The jackpot, which came out to $1,085,162 per winner, seemed dazzling at first, and hopes ran high that Roby might be headed for an economic recovery. The actual math was less encouraging; paid in twenty annual installments, the winners took home, after taxes, around $39,000 a year. Any money was a blessing, of course, but for farmers who were sometimes half a million dollars in debt, having leveraged their land to plant cotton that yielded little in return, the lottery did not exactly afford them the extravagant lifestyles of millionaires. Except for Shad Rasco—a farmer's son whose splurge on a $48,000 Mitsubishi 3000 GT Spyder convertible still raises eyebrows among the Breakfast Club—winners were as practical as they had been during dry spells. They started college funds, fixed leaky roofs, paid off car loans, set aside money for retirement, and traded in old pickups for new ones. The national media, which hung around Roby to see if the winners would throw away their fortunes on flashy Christmas presents, had little to write about, except that the town's farmers could finally breathe a sigh of relief. "The banks had been working on a bunch of us, and the lottery saved our butts," Bunny Terry remembered. "We were as happy as we could be. But that money didn't go into our pockets; it went straight back to the banker. I always said, 'I'll win the lottery before I get out of debt farming,' and I proved that to be true."

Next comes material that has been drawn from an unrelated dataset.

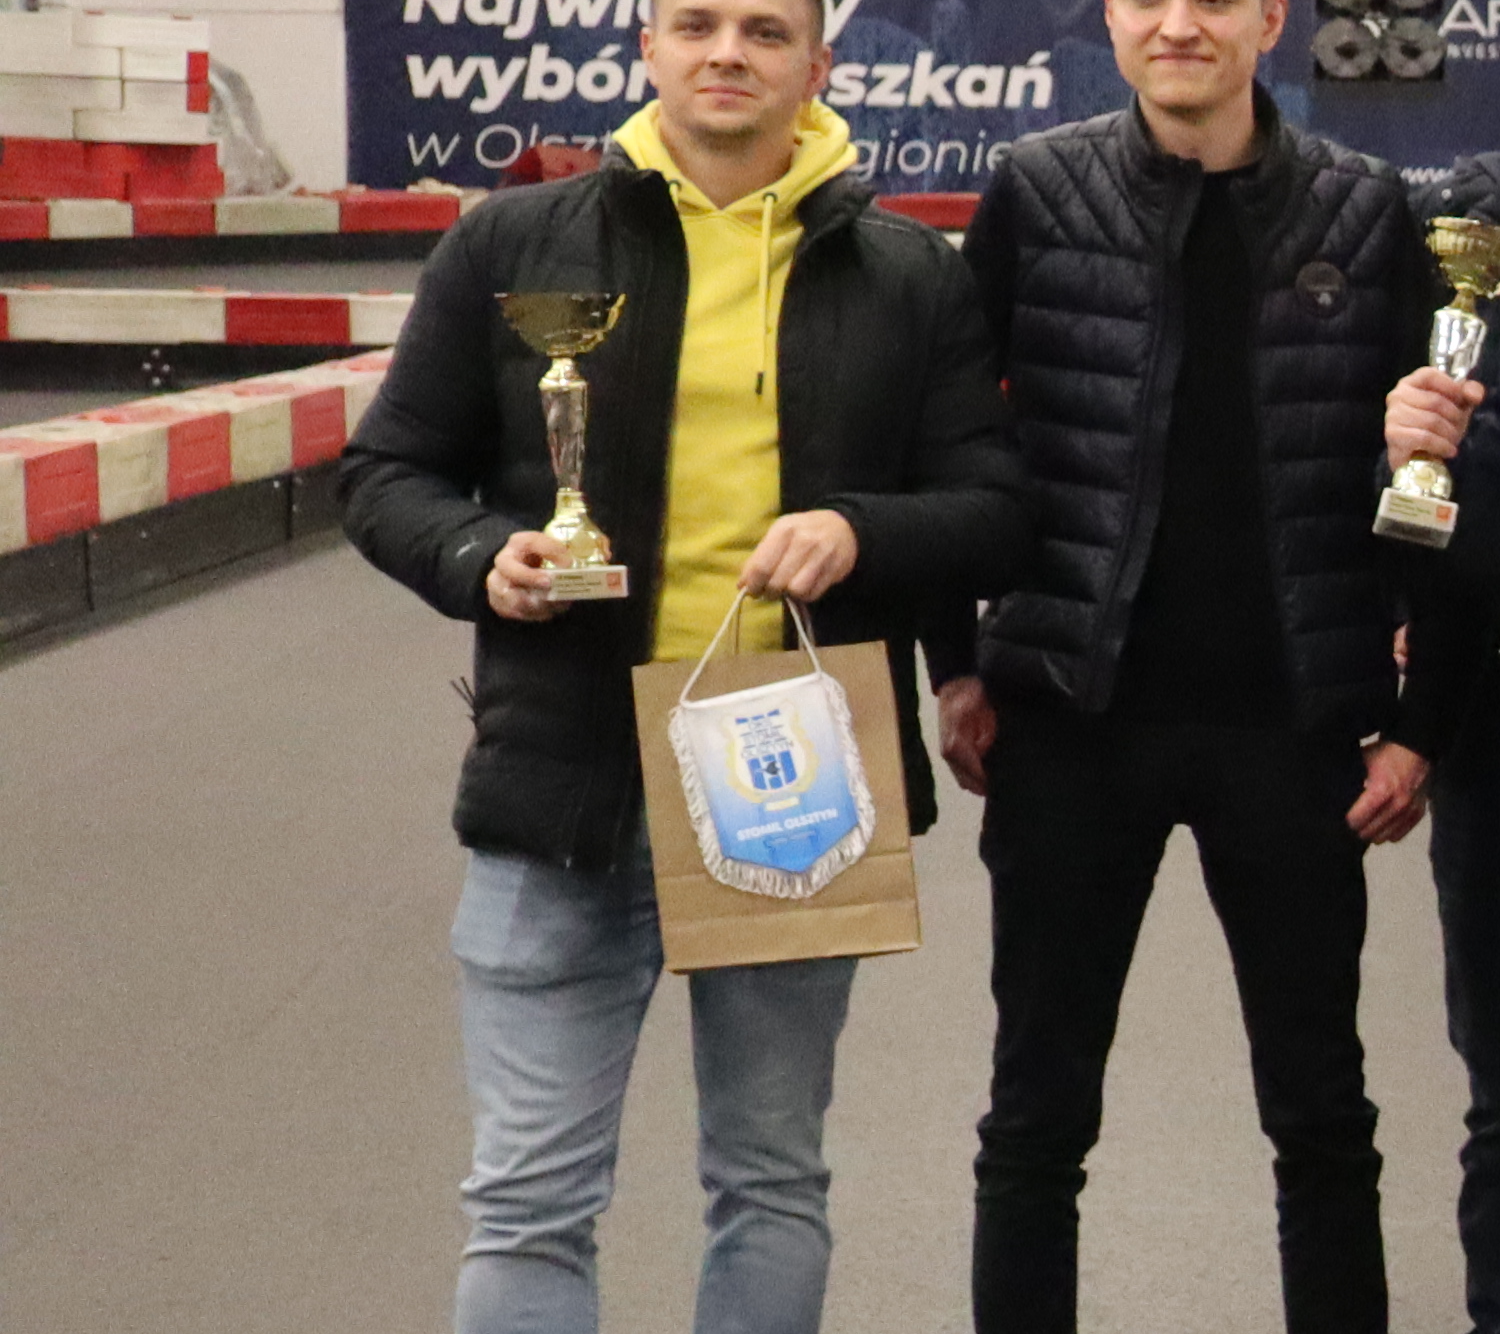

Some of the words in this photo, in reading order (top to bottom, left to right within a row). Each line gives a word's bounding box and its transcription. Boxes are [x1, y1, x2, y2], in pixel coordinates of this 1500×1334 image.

The bad luck began before Christmas. Six days after receiving his first lottery check, a gin employee named Albert Barrera fell asleep at the wheel and hit a guardrail, totaling his brand-new Ford pickup with 812 miles on it. Then Gene Terry's house burned to the ground in an electrical fire. ("Living in the country's nice, but it takes the fire department a little while to get there," he explained.) Most of the winners made the mistake of cutting quick deals with lottery buyout brokers, who offered them cash up front in exchange for their future annual payments; in the end, they were left with about a third of their total winnings. Some sunk all their money into ill-fated business ventures. Richard Spencer, the county's former agricultural extension agent, lost $250,000 trying to start a cottonseed processing plant in Roby that never turned a profit. But the worst hand fell to Peggy Dickson. A year to the day that the Roby 43 won the lottery, Peggy was diagnosed with brain cancer. "Peggy had terrible headaches that kept getting worse," Lance said. "We all had a feeling she wasn't going to make it." She died a few weeks after her diagnosis, at the age of 49, leaving behind dozens of farmers who owed their livelihoods to her, children who would attend college because of her, and an entire town consumed by mourning.